Смерть в Венеции (сборник) - Томас Манн 16 стр.


Ваш скептицизм, вашу угрюмую сдержанность люди часто принимают за ограниченность, тогда как на самом деле вы только горды и малодушны. Это о "познании". Что же касается "слова", то тут, возможно, все сводится не столько к преображению, сколько к замораживанию чувства, к хранению его на льду, и, правда, ведь есть что-то нестерпимо холодное и возмутительно дерзкое в крутой и поверхностной расправе с чувством посредством литературного языка. Если сердце у вас переполнено, если вы целиком во власти какого-нибудь сладостного или высокого волнения, – чего проще? – сходите к литератору, и в кратчайший срок все будет в порядке. Он проанализирует ваш случай, найдет для него соответствующую формулу, назовет по имени, изложит его, сделает красноречивым, раз навсегда с ним расправится, устроит так, что вы станете к нему равнодушным, и даже благодарности не спросит. А вы пойдете домой остуженный, облегченный, успокоенный, дивясь, что, собственно, во всем этом могло каких-нибудь несколько часов назад повергнуть вас в столь сладостное волнение. И вы намерены всерьез заступаться за этого холодного, суетного шарлатана? Что выговорено, гласит его символ веры, с тем покончено. Если выговорен весь мир, значит, он исчерпан, преображен, его более не существует… Отлично! Но я-то не нигилист…
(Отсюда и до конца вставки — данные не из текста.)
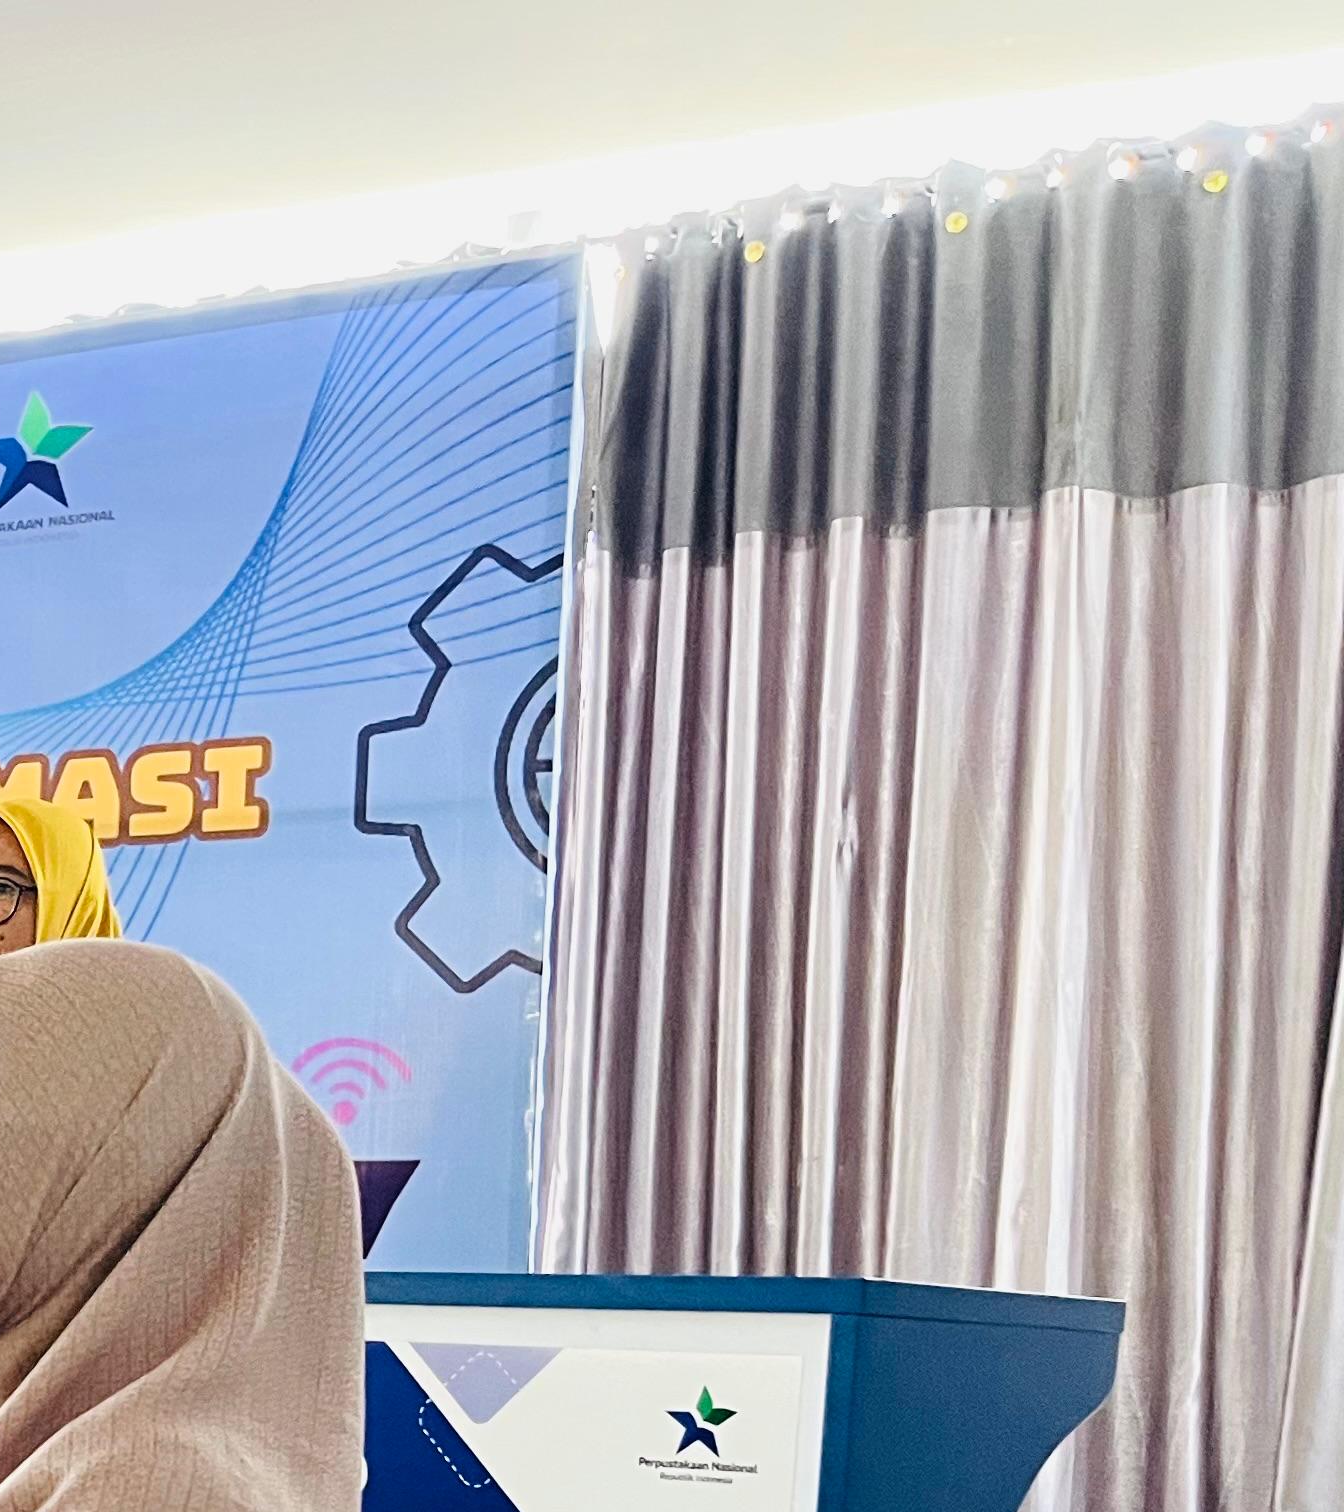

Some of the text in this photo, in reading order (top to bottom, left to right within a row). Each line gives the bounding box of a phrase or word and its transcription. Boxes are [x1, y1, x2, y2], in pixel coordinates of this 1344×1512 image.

– Вы не… – начала Лизавета; она только что поднесла ко рту ложечку чая, да так и замерла в этом положении.

– Конечно, нет… Да очнитесь же, Лизавета! Повторяю, я не нигилист там, где дело идет о живом чувстве. Литератор в глубине души не понимает, что жизнь может продолжаться, что ей не стыдно идти своим чередом и после того, как она "выговорена", "исчерпана". Несмотря на свое преображение (через литературу), она знай себе грешит по-старому, ибо с точки зрения духа всякое действие – грех…

Сейчас я доберусь до цели, Лизавета. Слушайте дальше. Я люблю жизнь, – это признание. Примите, сберегите его, – никому до вас я этого не говорил. Про меня немало судачили, даже в газетах печатали, что я то ли ненавижу жизнь, то ли боюсь и презираю ее, то ли с отвращением от нее отворачиваюсь. Я с удовольствием это выслушивал, мне это льстило, но правдивее от этого такие домыслы не становились. Я люблю жизнь… Вы усмехаетесь, Лизавета, и я знаю почему. Но, заклинаю вас, не считайте того, что я сейчас скажу, за литературу! Не напоминайте мне о Цезаре Борджиа или о какой-нибудь хмельной философии, поднимающей его на щит! Что он мне, этот Цезарь Борджиа, я о нем и думать не хочу и никогда не пойму, как можно возводить в идеал нечто исключительное, демоническое. Нет, нам, необычным людям, жизнь представляется не необычайностью, не призраком кровавого величия и дикой красоты, а известной противоположностью искусству и духу; нормальное, добропорядочное, милое – жизнь во всей ее соблазнительной банальности – вот царство, по которому мы тоскуем. Поверьте, дорогая, тот не художник, кто только и мечтает, только и жаждет рафинированного, эксцентрического, демонического, кто не знает тоски по наивному, простодушному, живому, по малой толике дружбы, преданности, доверчивости, по человеческому счастью, – тайной и жгучей тоски, Лизавета, по блаженству обыденности!

Друг! Верьте, я был бы горд и счастлив, найдись у меня друг среди людей. Но до сих пор друзья у меня были лишь среди демонов, кобольдов, завзятых колдунов и призраков, глухих к голосу жизни, – иными словами, среди литераторов.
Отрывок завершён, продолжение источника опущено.